> [TASK DETAILS]: Please copy out the full listing that follows exactly; no picture belongs in the copy.

-------- PROVIDED INFORMATION --------

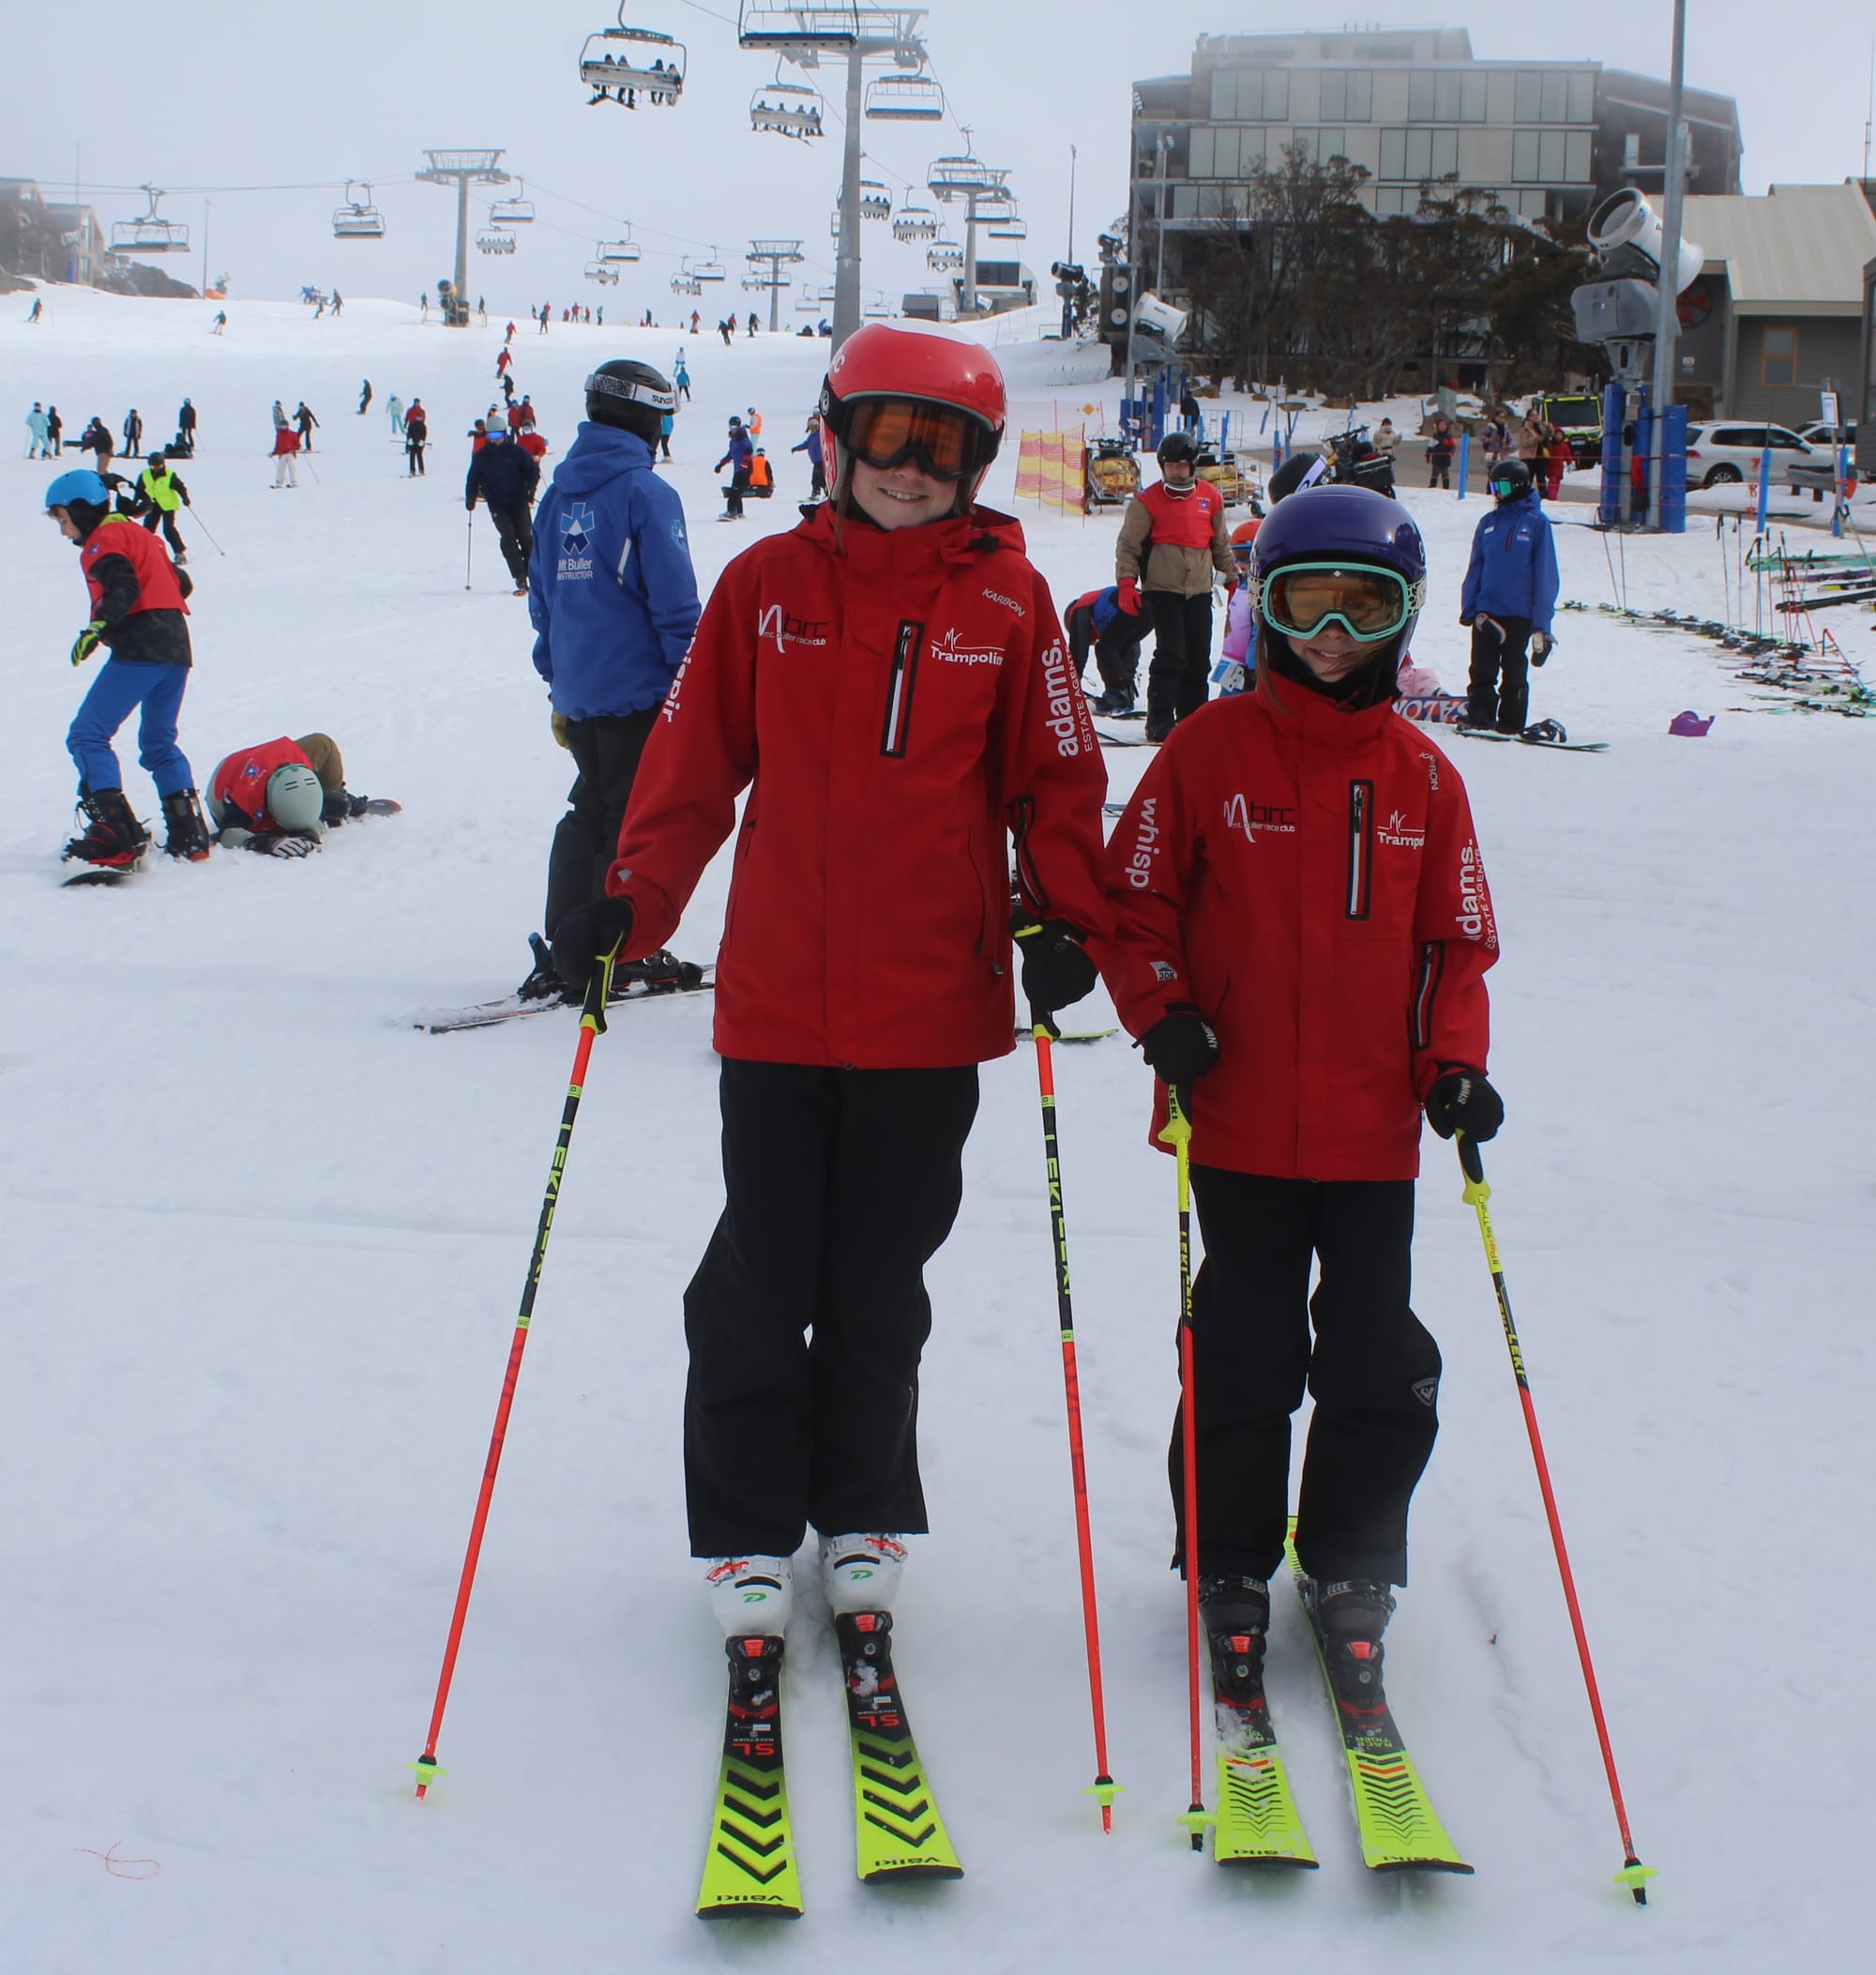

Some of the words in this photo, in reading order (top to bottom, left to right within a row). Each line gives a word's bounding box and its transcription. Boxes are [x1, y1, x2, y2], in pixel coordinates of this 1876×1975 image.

[567, 557, 593, 570] Buller
[982, 588, 1025, 617] KARBON
[812, 637, 826, 646] club
[944, 627, 963, 652] Mr
[1042, 638, 1080, 757] adams.
[1076, 700, 1094, 752] ESTATE
[1280, 825, 1295, 833] club
[1389, 810, 1407, 835] Mr
[1169, 1089, 1179, 1120] LEKI
[1508, 1333, 1526, 1375] LEKI
[857, 1713, 900, 1727] SL
[732, 1742, 776, 1755] SL

--------

> [REPLY TO THE EXERCISE]:
Some of the words in this photo, in reading order (top to bottom, left to right within a row). Each line gives a word's bounding box and its transcription. Boxes are [x1, y1, x2, y2], in pixel coordinates of this 1876×1975 image.

[567, 557, 593, 570] Buller
[982, 588, 1025, 617] KARBON
[812, 637, 826, 646] club
[944, 627, 963, 652] Mr
[1042, 638, 1080, 757] adams.
[1076, 700, 1094, 752] ESTATE
[1280, 825, 1295, 833] club
[1389, 810, 1407, 835] Mr
[1169, 1089, 1179, 1120] LEKI
[1508, 1333, 1526, 1375] LEKI
[857, 1713, 900, 1727] SL
[732, 1742, 776, 1755] SL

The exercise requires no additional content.